◆ **Exercise**
Apart from the pictures, every entry below should be repeated exactly.

◆ **Exercise materials**
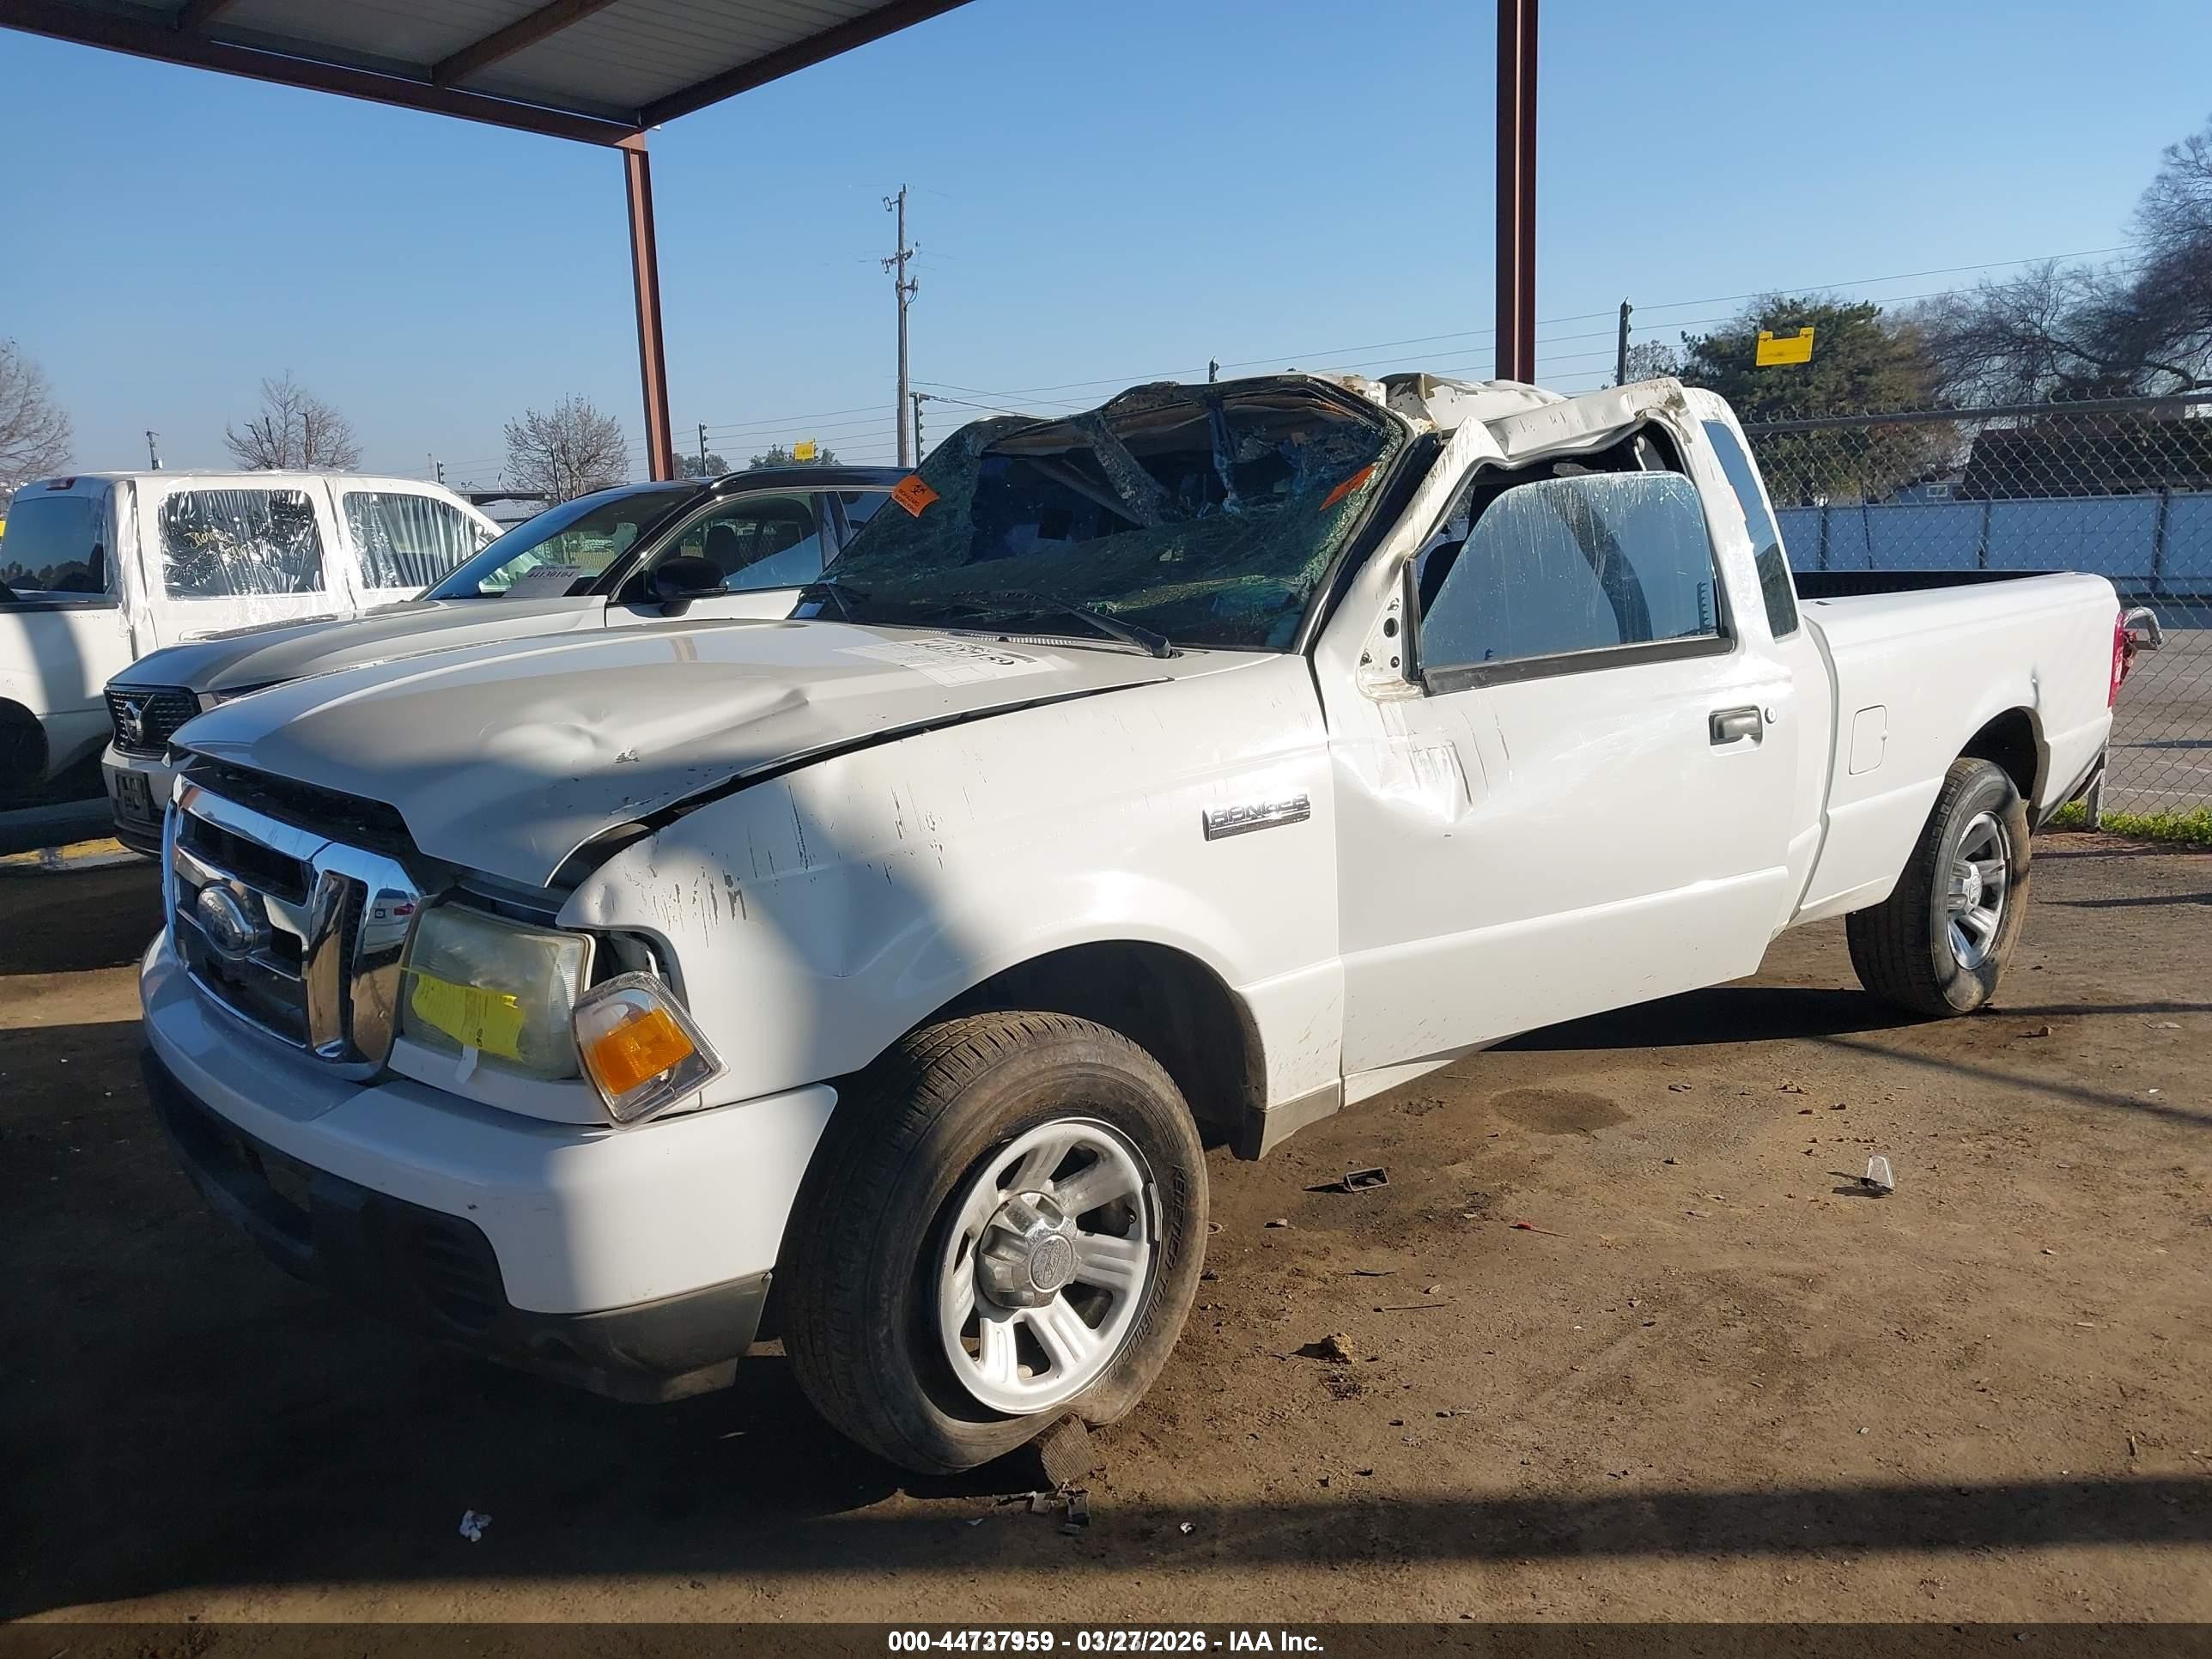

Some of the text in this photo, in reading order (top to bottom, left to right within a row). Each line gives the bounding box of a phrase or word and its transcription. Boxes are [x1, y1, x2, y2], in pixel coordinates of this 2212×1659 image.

[1210, 793, 1310, 827] RANGER
[1164, 1164, 1186, 1271] KENETICA
[1121, 1275, 1170, 1367] TOURING
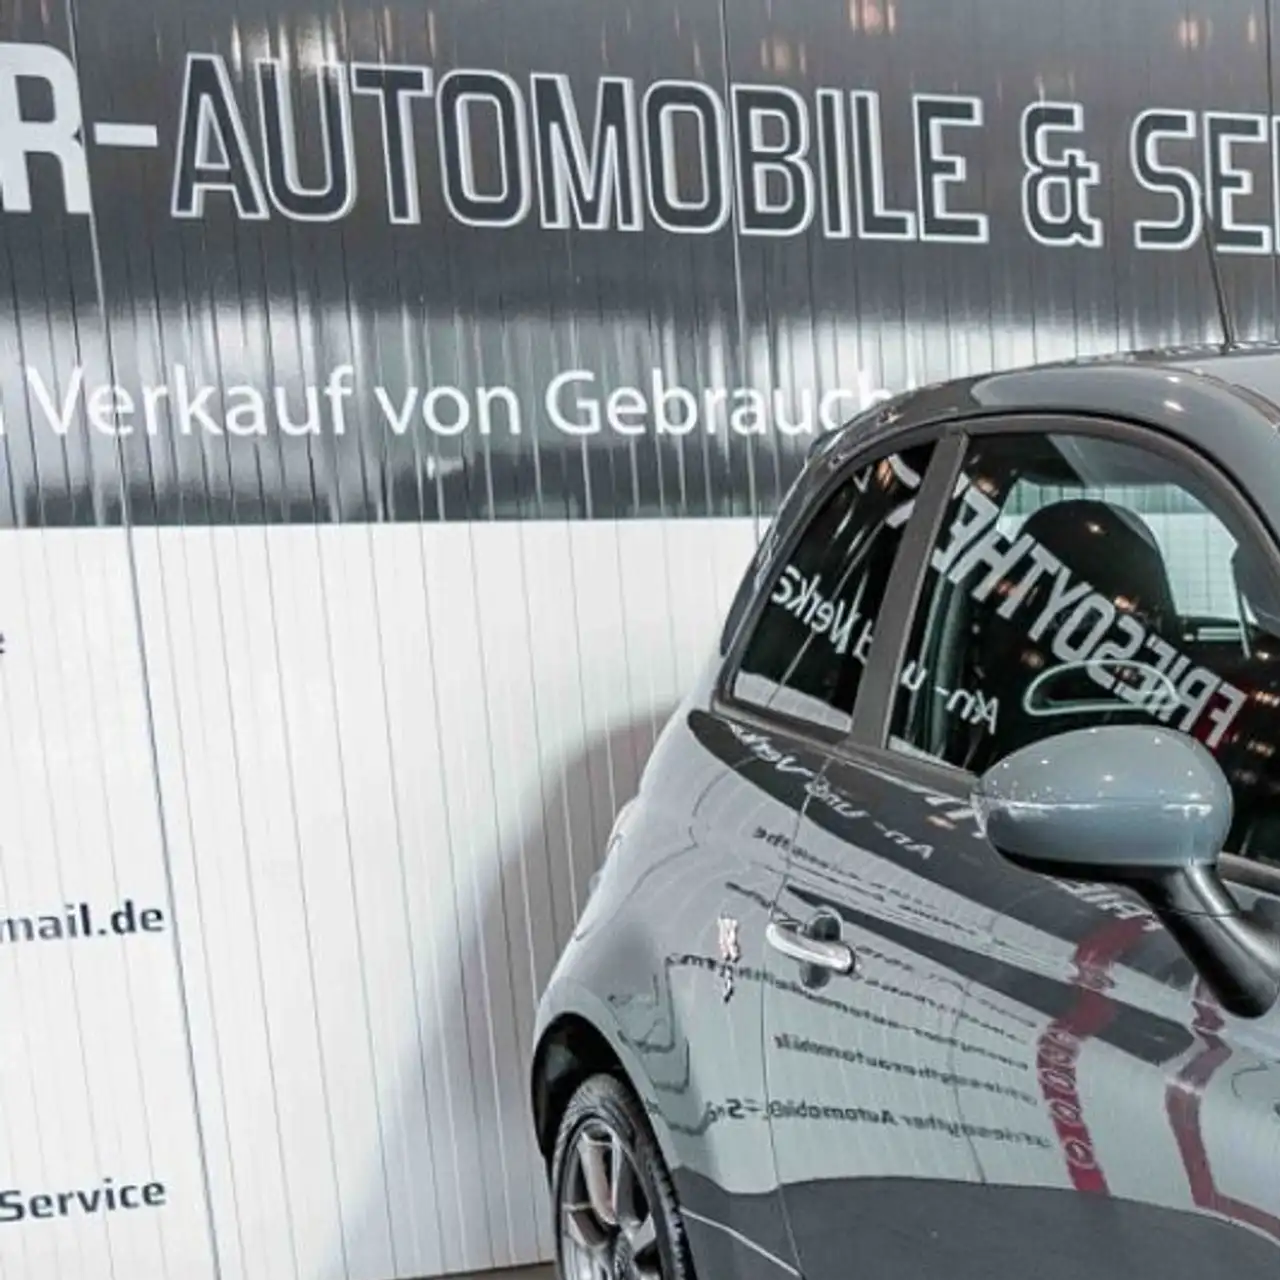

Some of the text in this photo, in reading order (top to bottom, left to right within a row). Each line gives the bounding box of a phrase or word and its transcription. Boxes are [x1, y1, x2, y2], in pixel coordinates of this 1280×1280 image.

◆ **Answer box**
Some of the text in this photo, in reading order (top to bottom, left to right within a row). Each line gives the bounding box of a phrase or word and its transcription. Boxes are [x1, y1, x2, y2], in pixel coordinates of this 2212×1659 image.

[1210, 793, 1310, 827] RANGER
[1164, 1164, 1186, 1271] KENETICA
[1121, 1275, 1170, 1367] TOURING

Some of the text in this photo, in reading order (top to bottom, left to right within a row). Each line gives the bounding box of a phrase or word and its transcription. Boxes are [x1, y1, x2, y2], in pixel coordinates of this 1280×1280 image.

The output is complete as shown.